Inside Story

Turning away from Indonesia

Signs suggest that Australia hasn’t learned from its experience with China

Edward Aspinall 14 December 2020 914 words

Wrong turn? Prime minister Scott Morrison with Indonesian president Joko Widodo at Parliament House in Canberra on 10 February this year. Tracey Nearmy/Getty Images/AAP


For decades, it has been an article of faith of Australian policy that our continued security and economic prosperity depend, at least partly, on building strong ties with Indonesia. Governments have crafted a string of bilateral deals on trade, investment and security — most recently, the Indonesia–Australia Comprehensive Economic Partnership Agreement, which came into force in July — and successive prime ministers have worked hard to build close personal relationships with Indonesian presidents.

As Australia’s relations with China turn sour, our ties with Indonesia, a country of 270 million surging up the ranks of the world’s largest economies, becomes ever more important.

So you might think that teaching Indonesian language would be a national priority. Doesn’t it make sense to demonstrate our respect for our biggest neighbour by learning its language? Doesn’t it stand to reason that we would train a cohort of Indonesia-literate citizens able to improve relations through careers in government, the private sector, technology, the arts and tourism?

Increasingly, alas, Australia seems to have decided the answer is no. The study of Indonesian language at Australian schools and universities is in steep decline. It may be approaching terminal crisis.

A generation ago, things were different. In the 1980s and 1990s, the Hawke and Keating governments, viewing closer ties with Asia as critical to Australia’s future, adopted a multi-pronged approach to promoting Asia literacy, including a major program to teach Asian languages in schools. The message from the top was clear: Australia’s future prosperity lay in Asia, so Australians needed to invest in Asia knowledge.

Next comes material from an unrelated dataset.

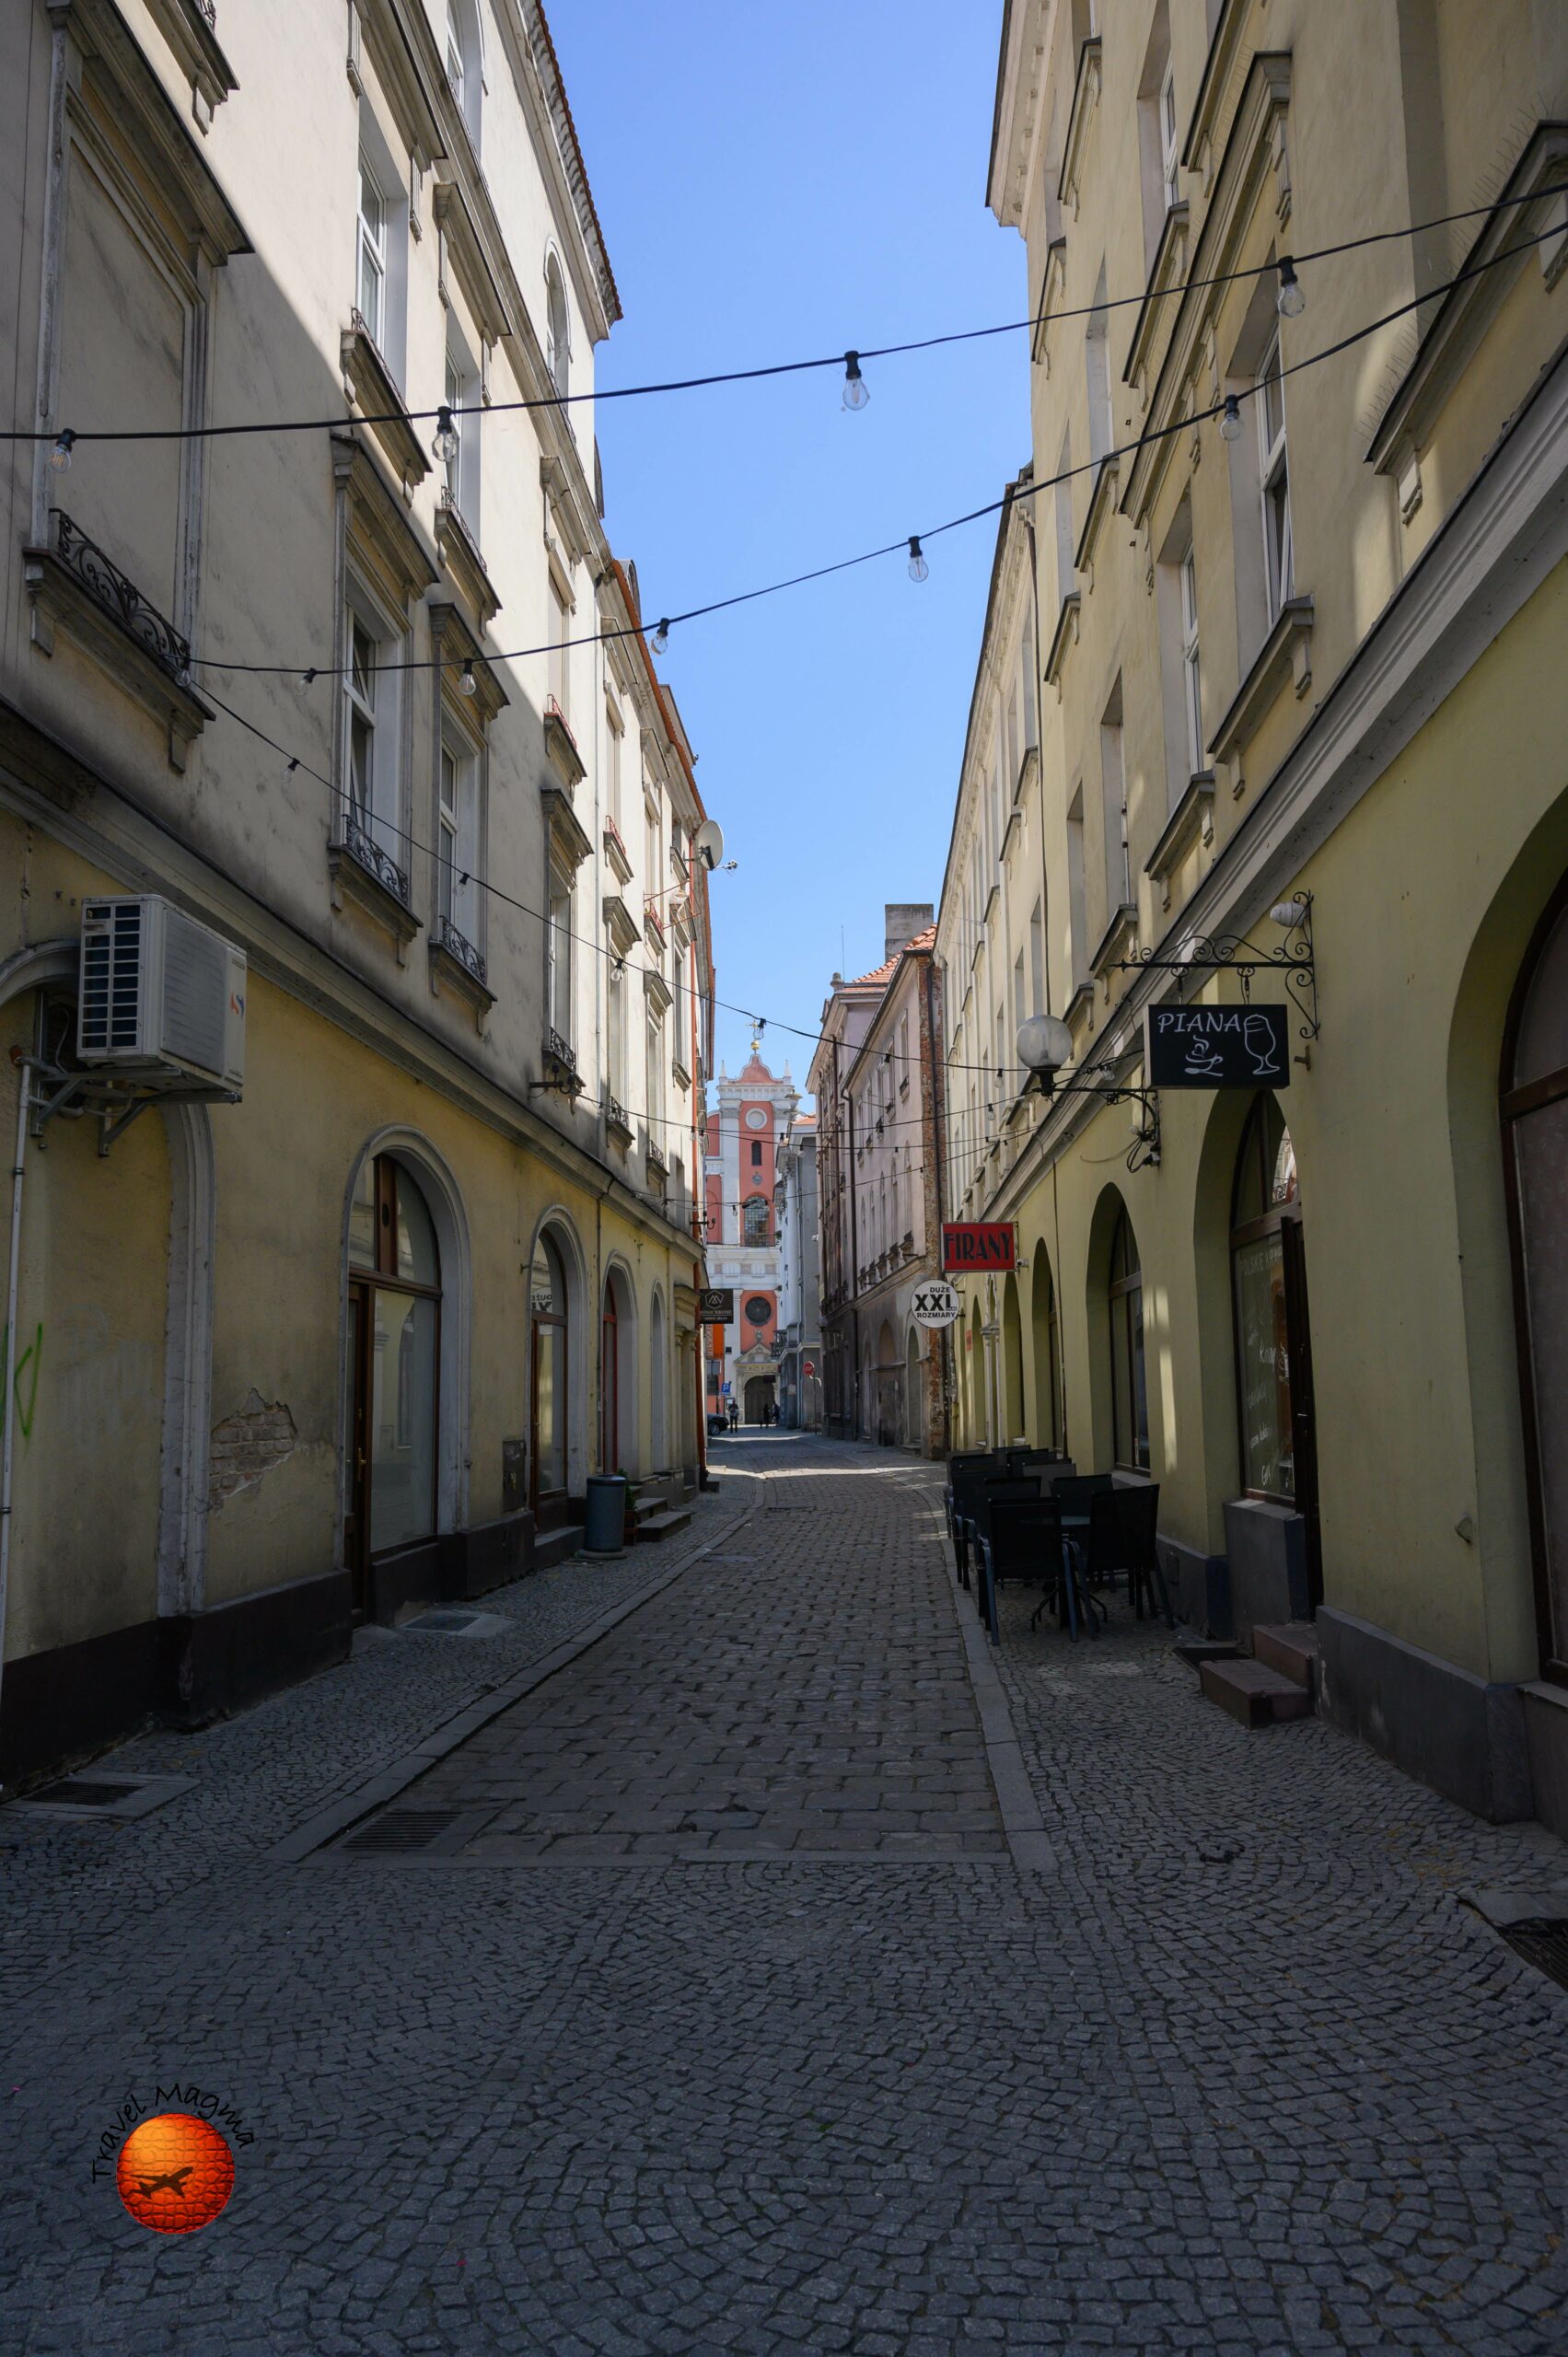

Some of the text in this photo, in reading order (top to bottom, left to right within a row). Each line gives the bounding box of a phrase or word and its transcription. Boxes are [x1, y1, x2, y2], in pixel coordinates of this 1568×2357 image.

[1157, 1012, 1242, 1034] PIANA
[944, 1232, 1011, 1260] FIRANY
[914, 1295, 958, 1311] XXL

With Australian educators, parents and students responding to these cues, Indonesian teaching in schools and universities expanded dramatically. I was one beneficiary, studying Indonesian at high school in South Australia and then, in the late 1980s, at Flinders University.

Times have changed. Earlier this year, Professor David Hill published a report for the Asian Studies Association of Australia detailing a dramatic decline. He found that the number of Australian universities teaching Indonesian had dropped from twenty-two in 1994 to fourteen in 2019. Student numbers were less than half what they had been in 1992, despite massive growth in Australia’s university sector.

During the last six months the situation has worsened. The Covid-19 pandemic is having a calamitous effect on Australian higher education. Everywhere, university managers are identifying low-enrolment courses to axe. Last month, La Trobe announced plans to close the Indonesian program it has run since 1989 (and also signalled it would no longer teach Hindi, despite being one of only two Australian universities teaching that language). This month, Murdoch University in Western Australia has announced it will do the same.

Others seem set to follow suit. My alma mater, Flinders University, “paused” teaching first-year Indonesian this year (my old high school has also dropped Indonesian). At several other universities Indonesian is hanging by a thread. It’s possible that in a year or so only a handful of Australian universities will teach the language, taking us back to the early 1970s, when Australia was just emerging from the White Australia policy.

How has this happened? The crisis of Indonesian is partly a product of broader trends in education, with languages and humanities in general under increasing pressure. Recently, for example, Swinburne University announced it plans to close its language programs, including Chinese and Japanese, because it wants to emphasise STEM (science, technology, engineering and mathematics). Commercialisation has also had an impact. As successive federal governments have reduced public funding per student, universities have increasingly relied on student fee income, elevating market demands in determining what courses they offer.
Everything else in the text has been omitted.